● **Required action**
Retype the whole listing below exactly, keeping every picture out of it.

Dataset extract Start Marker

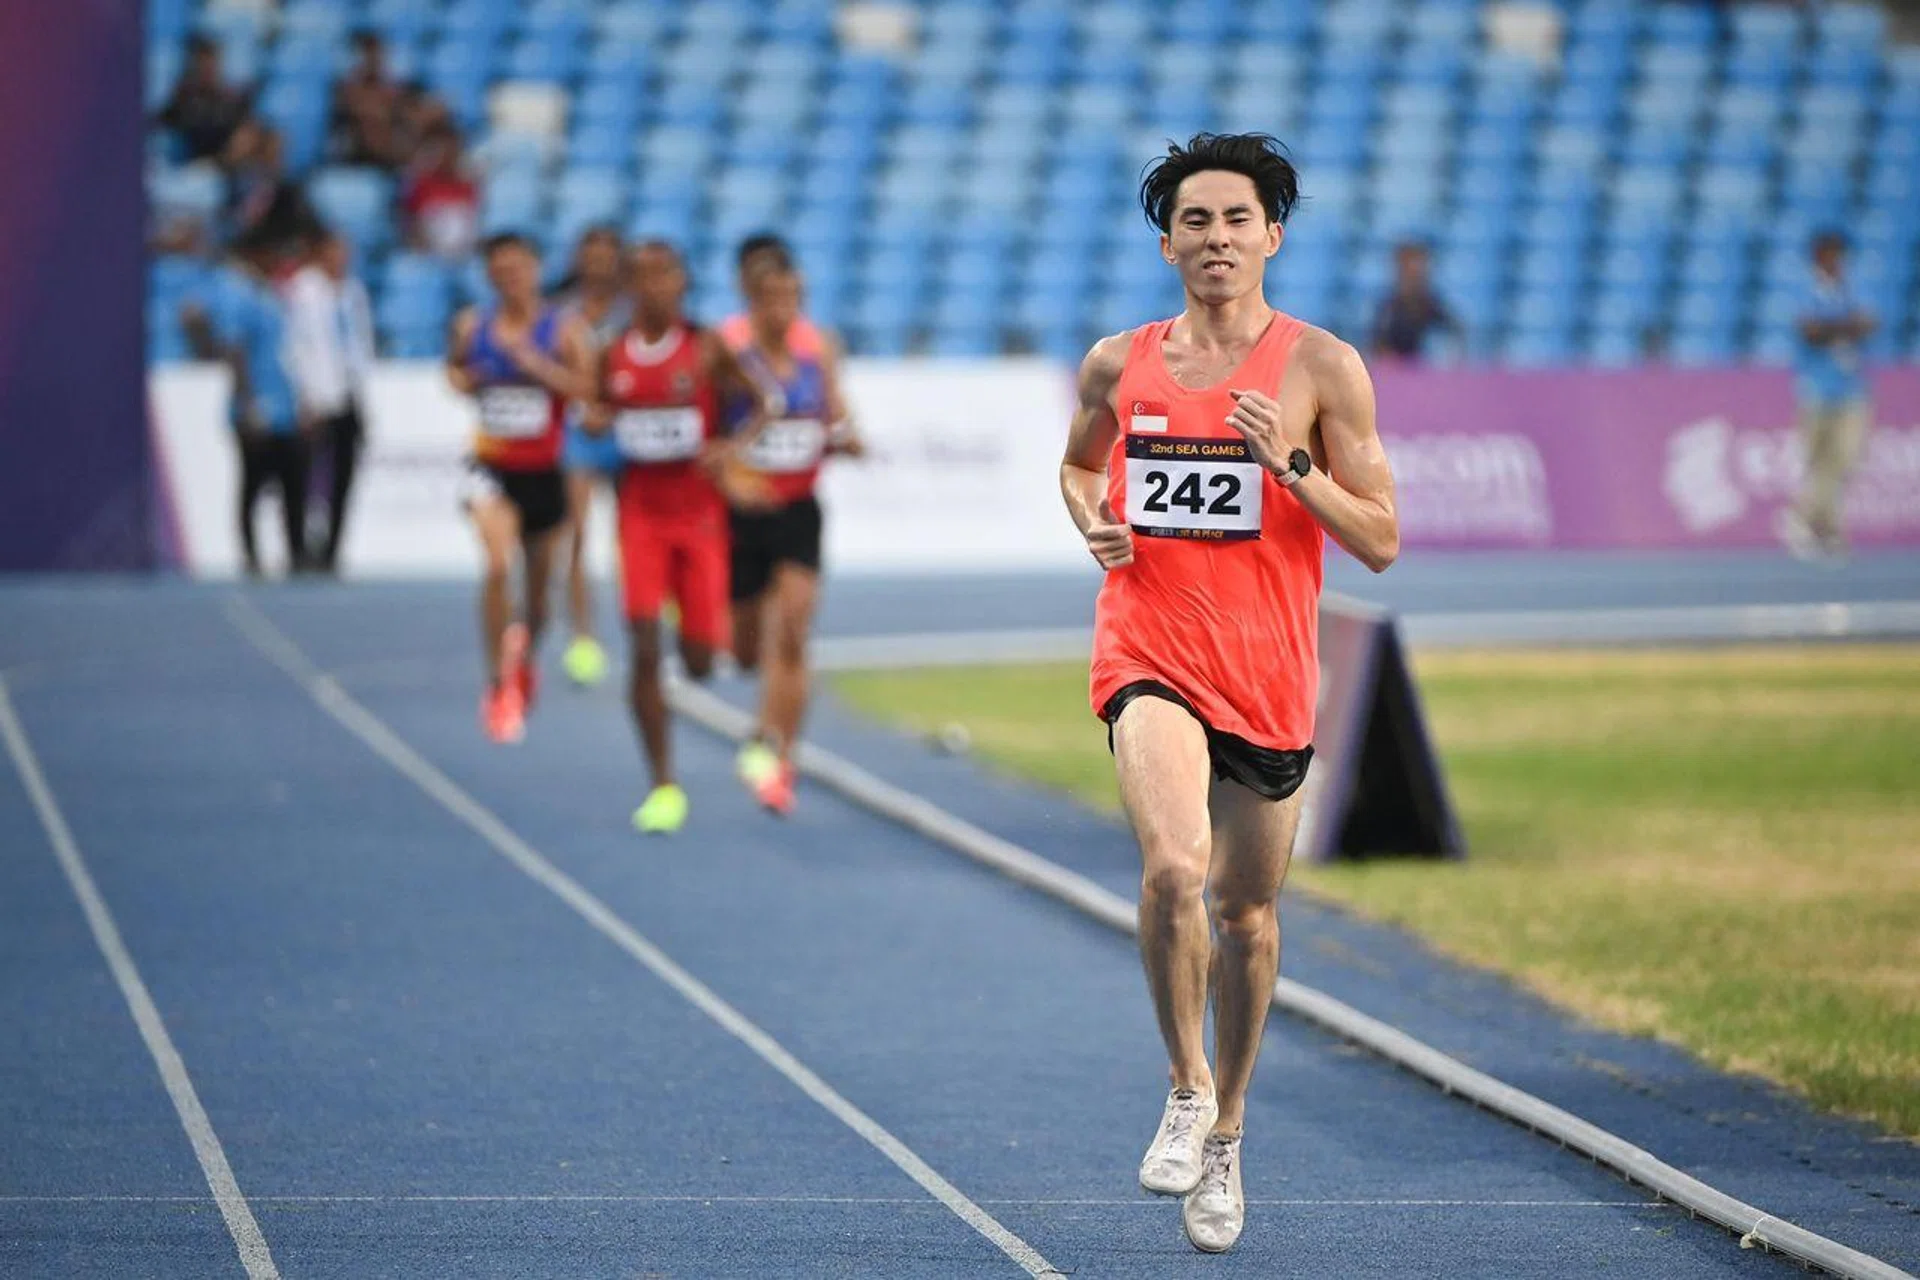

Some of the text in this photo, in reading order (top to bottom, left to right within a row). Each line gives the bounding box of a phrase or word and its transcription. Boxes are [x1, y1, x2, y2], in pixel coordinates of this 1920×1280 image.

[1150, 443, 1245, 456] 32nd SEA GAMES
[1143, 471, 1241, 515] 242
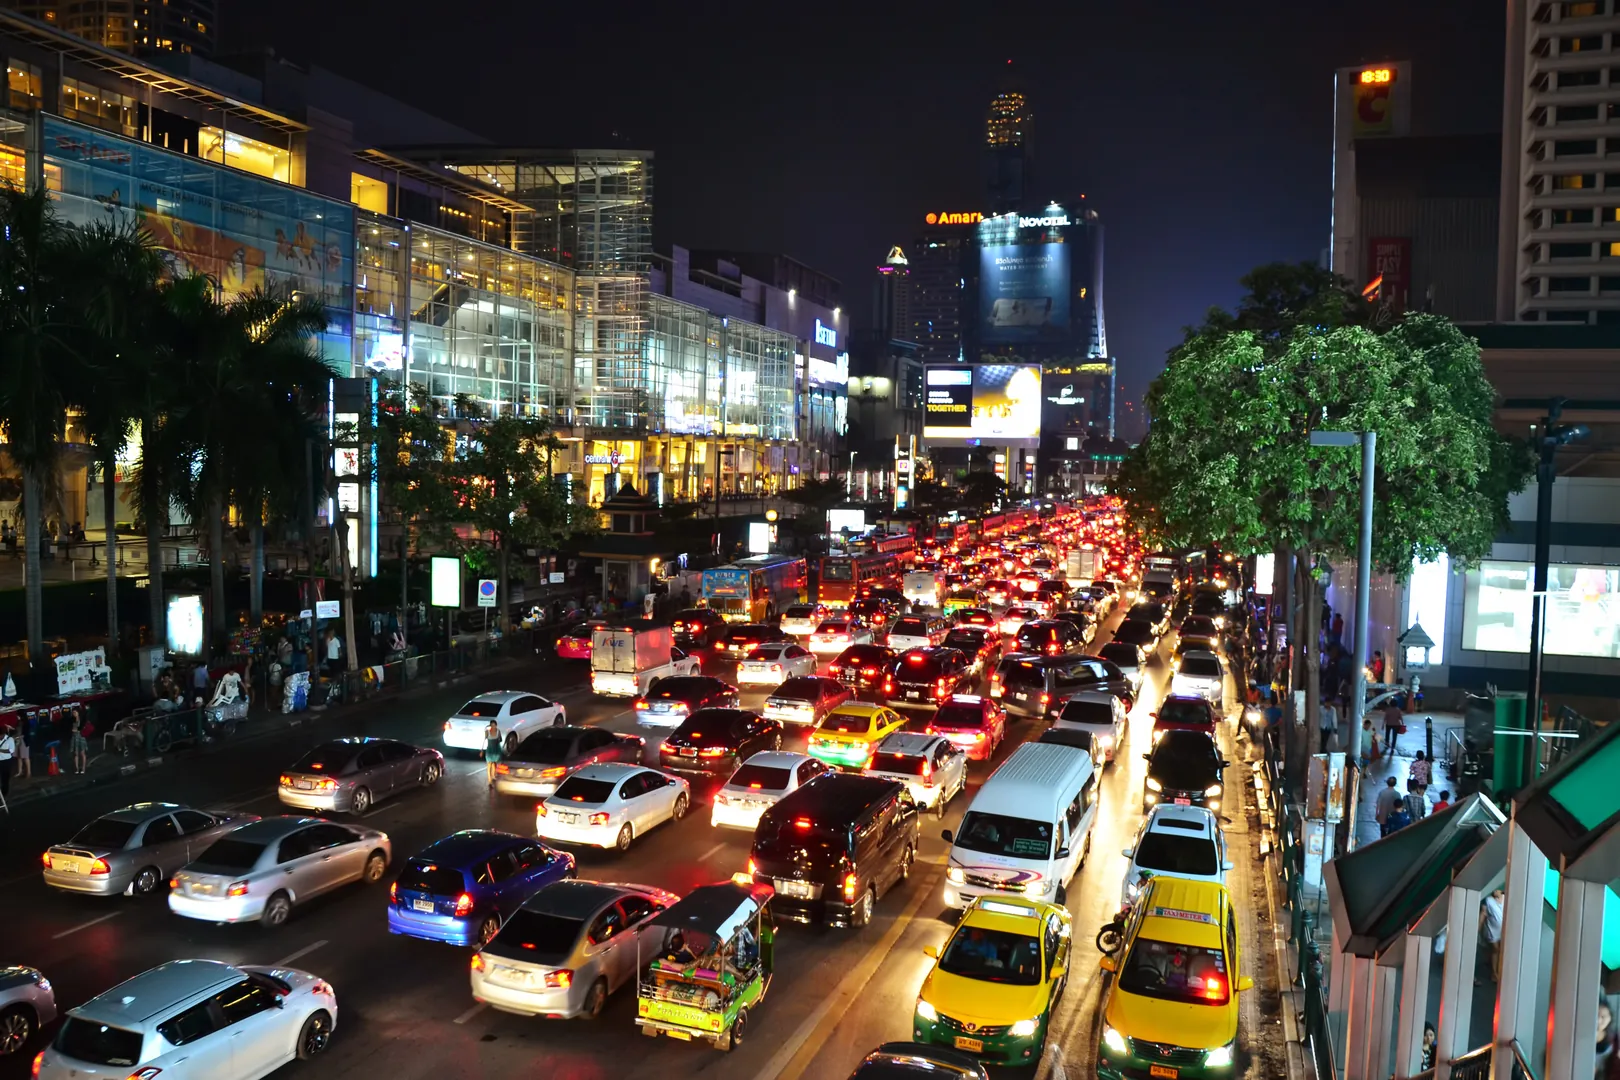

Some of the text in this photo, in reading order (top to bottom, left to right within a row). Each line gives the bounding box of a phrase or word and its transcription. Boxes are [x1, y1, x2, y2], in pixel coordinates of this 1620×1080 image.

[1361, 69, 1389, 83] 18:30
[1019, 214, 1072, 228] NOVOTEL
[1376, 256, 1402, 272] EASY
[926, 404, 967, 412] TOGETHER
[602, 636, 625, 647] KWE
[1163, 909, 1202, 920] TAXI METER
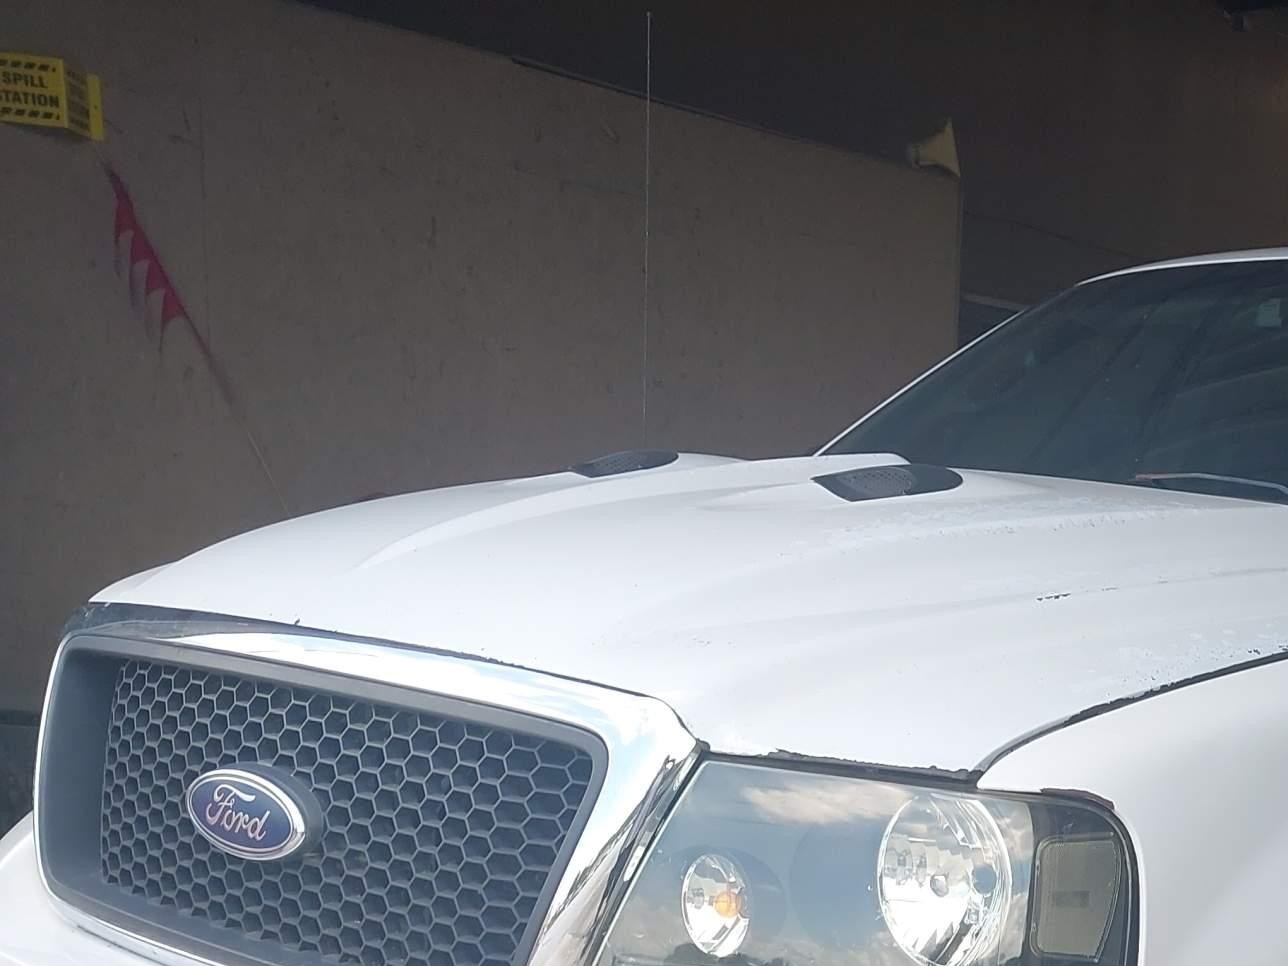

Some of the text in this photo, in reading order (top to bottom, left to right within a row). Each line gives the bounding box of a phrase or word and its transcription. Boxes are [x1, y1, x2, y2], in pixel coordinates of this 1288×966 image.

Dataset extract End Marker

● **Response for this exercise**
Some of the text in this photo, in reading order (top to bottom, left to right within a row). Each line gives the bounding box of a phrase or word and its transcription. Boxes are [x1, y1, x2, y2], in pixel coordinates of this 1920×1280 image.

[1150, 443, 1245, 456] 32nd SEA GAMES
[1143, 471, 1241, 515] 242

Some of the text in this photo, in reading order (top to bottom, left to right within a row). Each line gives the bounding box of a phrase or word and its transcription. Boxes are [x1, y1, x2, y2], in pixel coordinates of this 1620×1080 image.

[1361, 69, 1389, 83] 18:30
[1019, 214, 1072, 228] NOVOTEL
[1376, 256, 1402, 272] EASY
[926, 404, 967, 412] TOGETHER
[602, 636, 625, 647] KWE
[1163, 909, 1202, 920] TAXI METER

Some of the text in this photo, in reading order (top to bottom, left to right within a row). Each line gives the bounding box of a phrase or word and its transcription. Boxes are [x1, y1, x2, y2], in pixel coordinates of this 1288×966 image.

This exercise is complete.